Discovery of DS-8108b, a Novel Orally Bioavailable Renin Inhibitor

Yuji Nakamura; Teppei Fujimoto; Yasuyuki Ogawa; Chie Sugita; Shojiro Miyazaki; Kazuhiko Tamaki; Mizuki Takahashi; Yumi Matsui; Takahiro Nagayama; Kenichi Manabe; Makoto Mizuno; Noriko Masubuchi; Katsuyoshi Chiba; Takahide Nishi

doi:10.1021/ml300168e

Discovery of DS-8108b, a Novel Orally Bioavailable Renin Inhibitor

ACS Med Chem Lett. 2012 Aug 18;3(9):754-8. doi: 10.1021/ml300168e. eCollection 2012 Sep 13.

Affiliation

¹ Lead Discovery & Optimization Research Laboratories I, Lead Discovery & Optimization Research Laboratories II, Cardiovascular-Metabolics Research Laboratories, Biological Research Laboratories, Drug Metabolism & Pharmacokinetics Research Laboratories, and Medicinal Safety Research Laboratories, Daiichi Sankyo Co., Ltd. , 1-2-58 Hiromachi, Shinagawa-ku, Tokyo 140-8710, Japan.

Abstract

A novel orally bioavailable renin inhibitor, DS-8108b (5), showing potent renin inhibitory activity and excellent in vivo efficacy is described.
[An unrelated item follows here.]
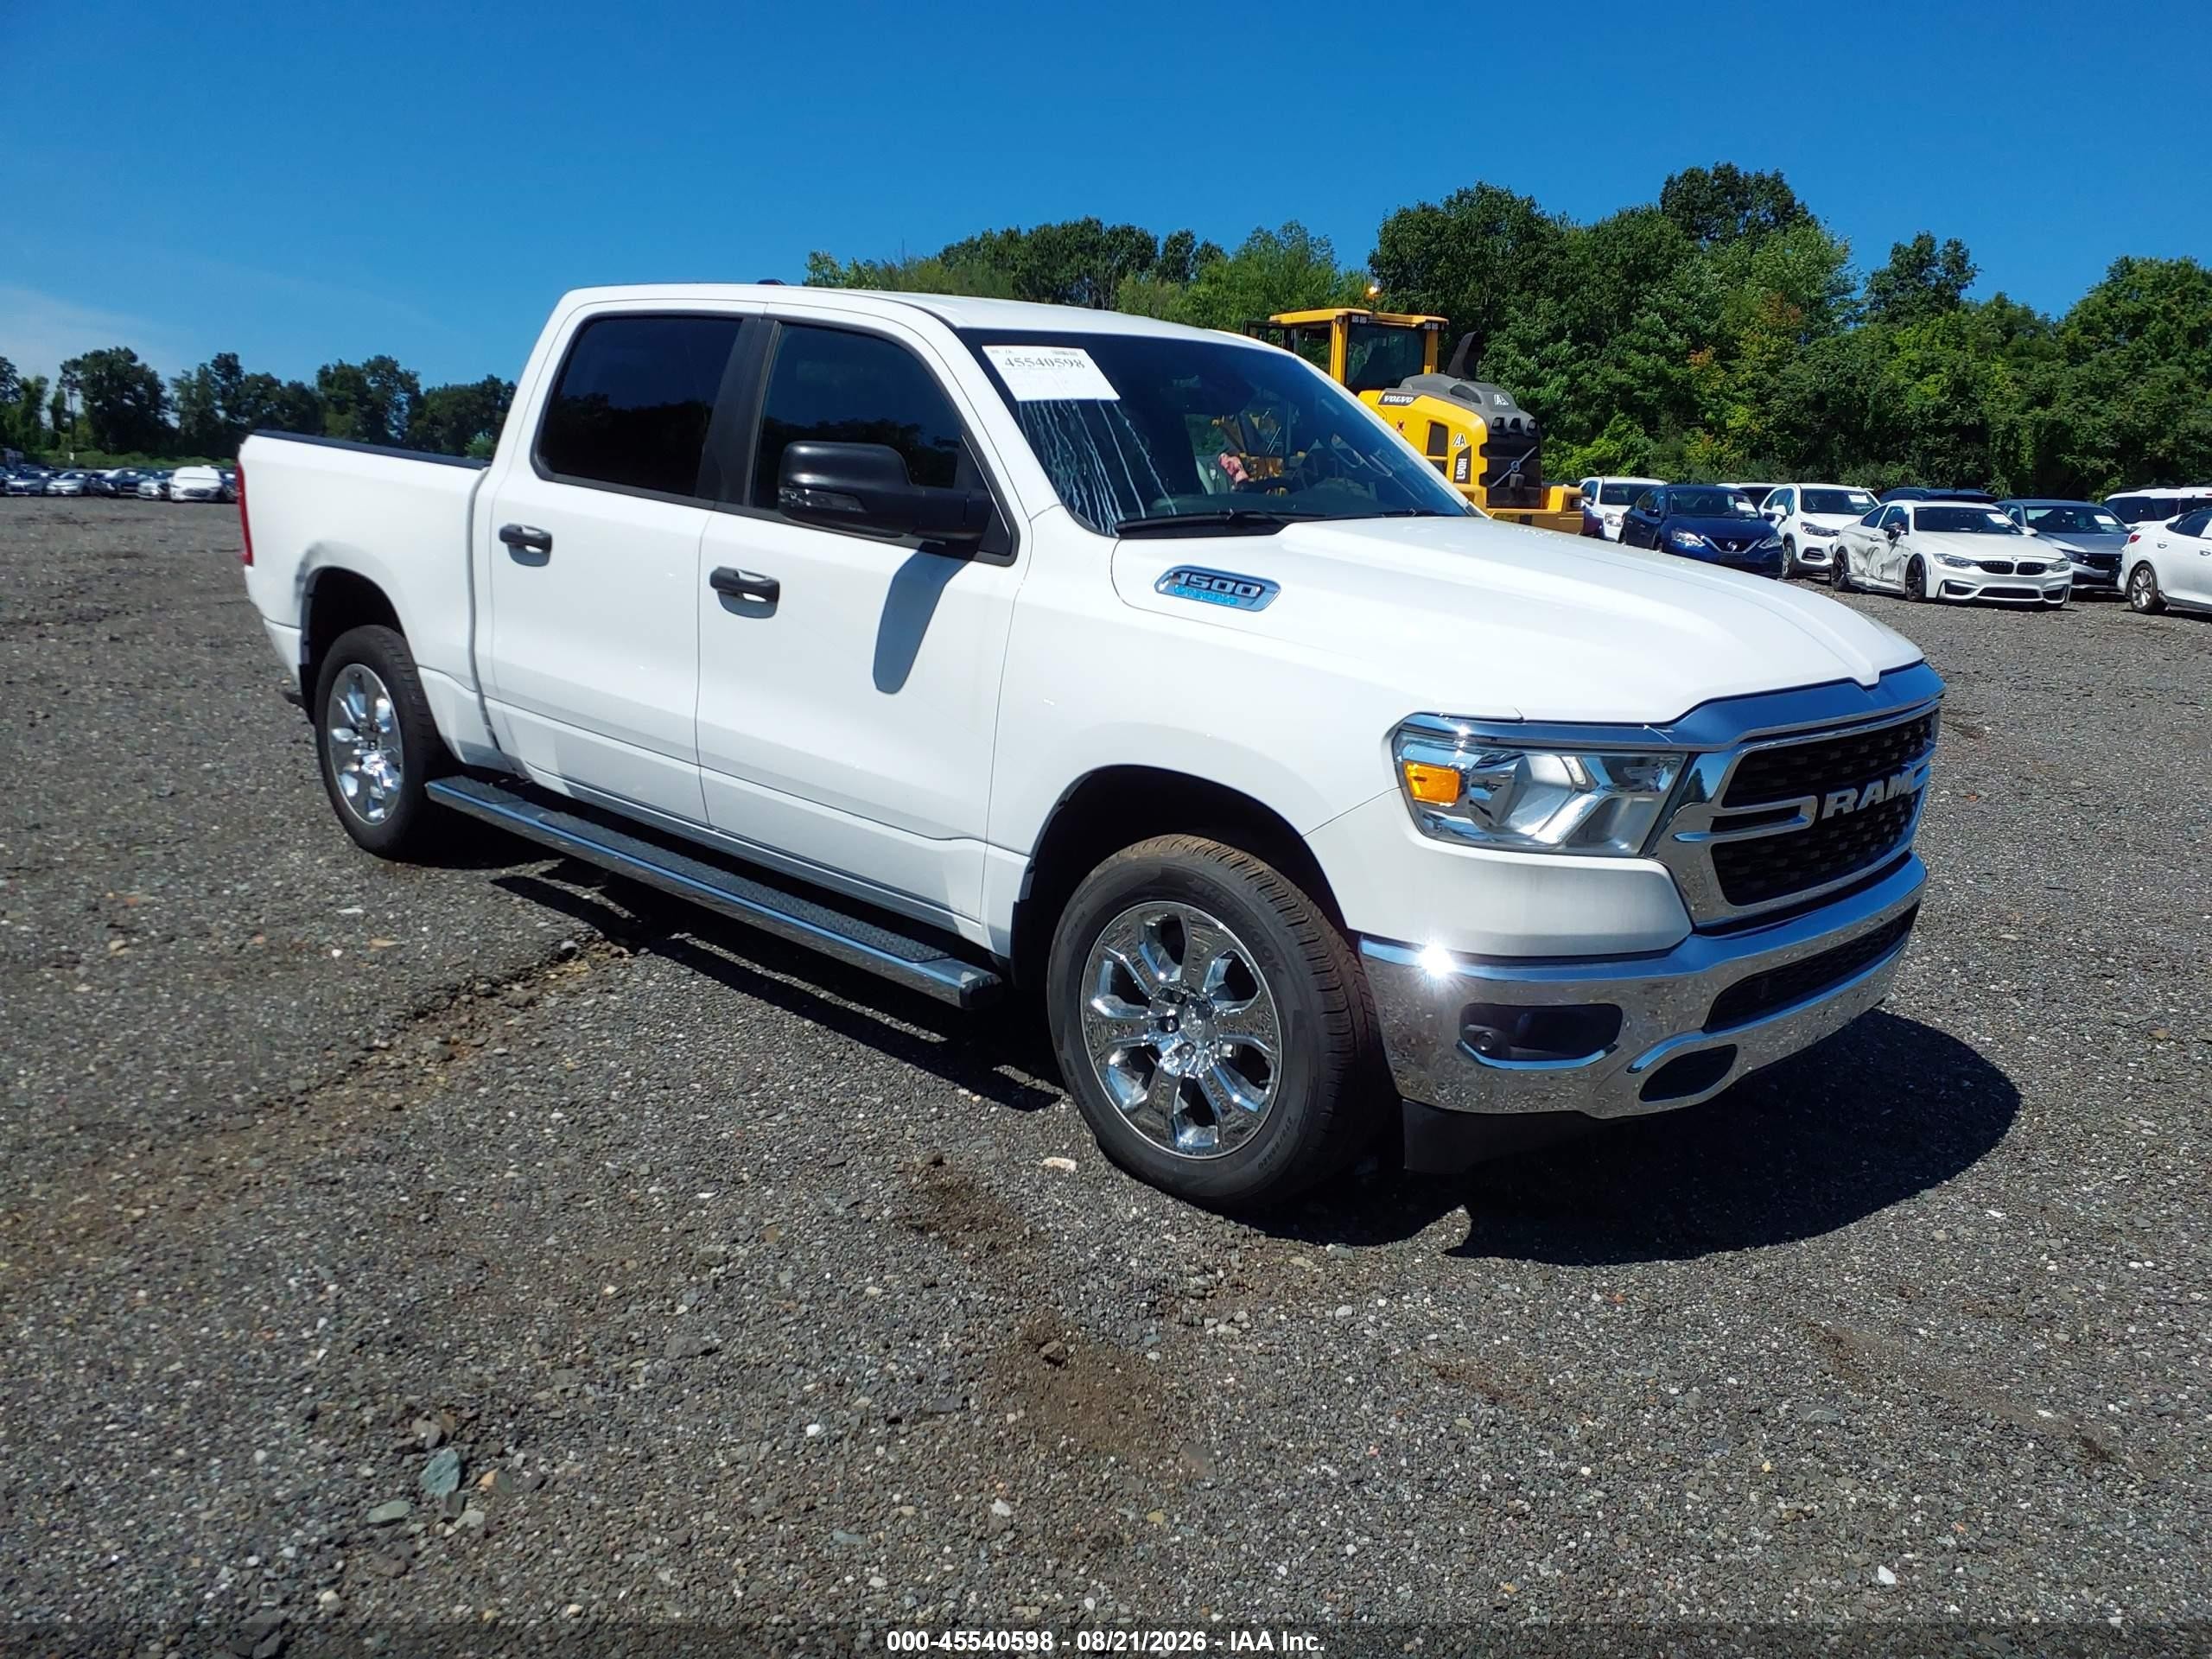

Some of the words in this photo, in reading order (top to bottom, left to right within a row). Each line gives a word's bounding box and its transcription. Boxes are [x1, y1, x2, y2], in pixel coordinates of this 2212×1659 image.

We report herein the synthesis and pharmacological effects of 5 including renin inhibitory activity in vitro, suppressive effects of ex vivo plasma renin activity (PRA) in cynomolgus monkey, pharmacokinetic data, and blood pressure-lowering effects in an animal model. Compound 5 demonstrated inhibitory activities toward human renin (IC50 = 0.9 nM) and human and monkey PRA (IC50 = 1.9 and 6.3 nM, respectively). Oral administration of single doses of 3 and 10 mg/kg of 5 in cynomolgus monkey on pretreatment with furosemide led to dose-dependent significant reductions in ex vivo PRA and sustained lowering of mean arterial blood pressure for more than 12 h.

Keywords: 4-aminoadamantan-1-ol; hypertension; plasma renin activity; renin inhibitor.